Agcom/Rai, Quagliariello: “Il vero scandalo è quello delle intercettazioni”
12 Marzo 2010
di Redazione
"Il vero scandalo è che in un Paese che si vorrebbe definire civile e democratico possano finire sui giornali le telefonate del presidente del Consiglio, del direttore del Tg1, del commissario dell’Agcom e del direttore generale della Rai per un’inchiesta che nulla ha a che fare con tutto ciò". Lo dichiara Gaetano Quagliariello, vicecapogruppo vicario del PdL al Senato.
"Se volessimo utilizzare gli stessi metodi delle gazzette delle Procure in edicola e dei loro replicanti in Parlamento – prosegue – chiederemmo per par condicio di sapere cosa si dicono al telefono gli esponenti della sinistra alfieri della libertà d’informazione e i giornalisti da loro considerati ‘affidabili’, nella certezza che una coltre d’ipocrisia verrebbe infranta".
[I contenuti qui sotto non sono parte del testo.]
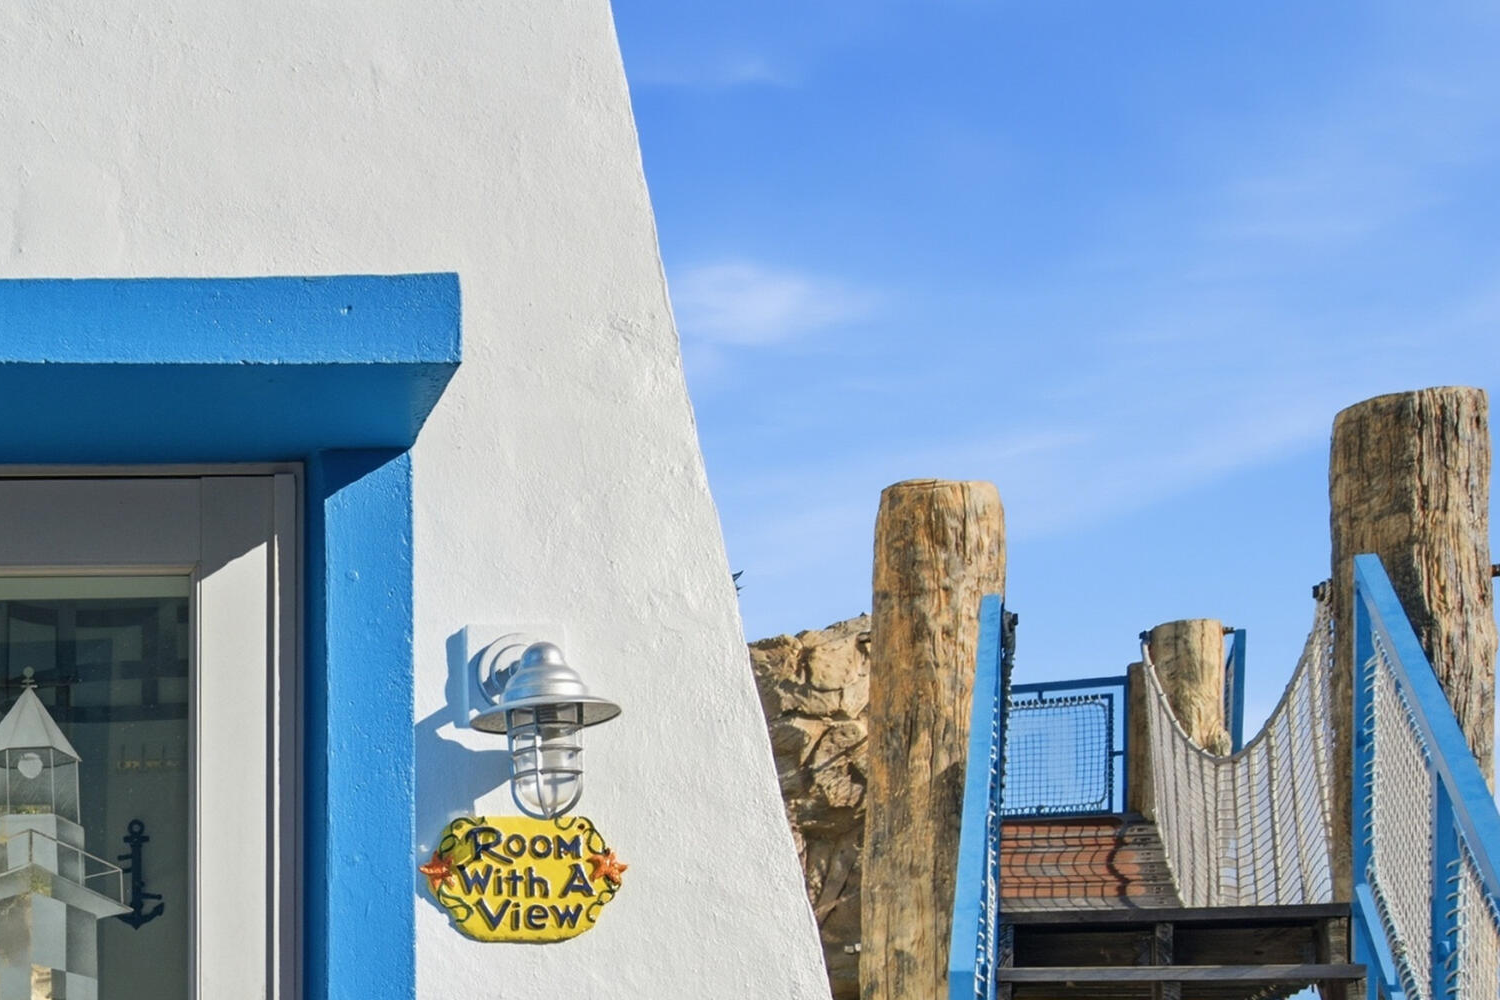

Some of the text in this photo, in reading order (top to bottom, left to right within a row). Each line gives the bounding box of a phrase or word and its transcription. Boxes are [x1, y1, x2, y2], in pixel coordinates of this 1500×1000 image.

[457, 863, 596, 898] With A
[474, 898, 583, 931] View
Ma, continua il vicecapogruppo dei senatori del Pdl, "poiché noi difendiamo la libertà sempre e non solo quando ci fa comodo, e poiché immaginiamo che nessuna Procura indagando sulle carte di credito abbia intercettato i leader della sinistra e i giornalisti politicamente corretti, ci limitiamo ad auspicare – conclude Quagliariello – che i cittadini comprendano che non vi è più alcun aspetto della loro vita privata che sia considerato degno di tutela in un Paese – per questo sì – ridotto ormai alla stregua dello Zimbabwe".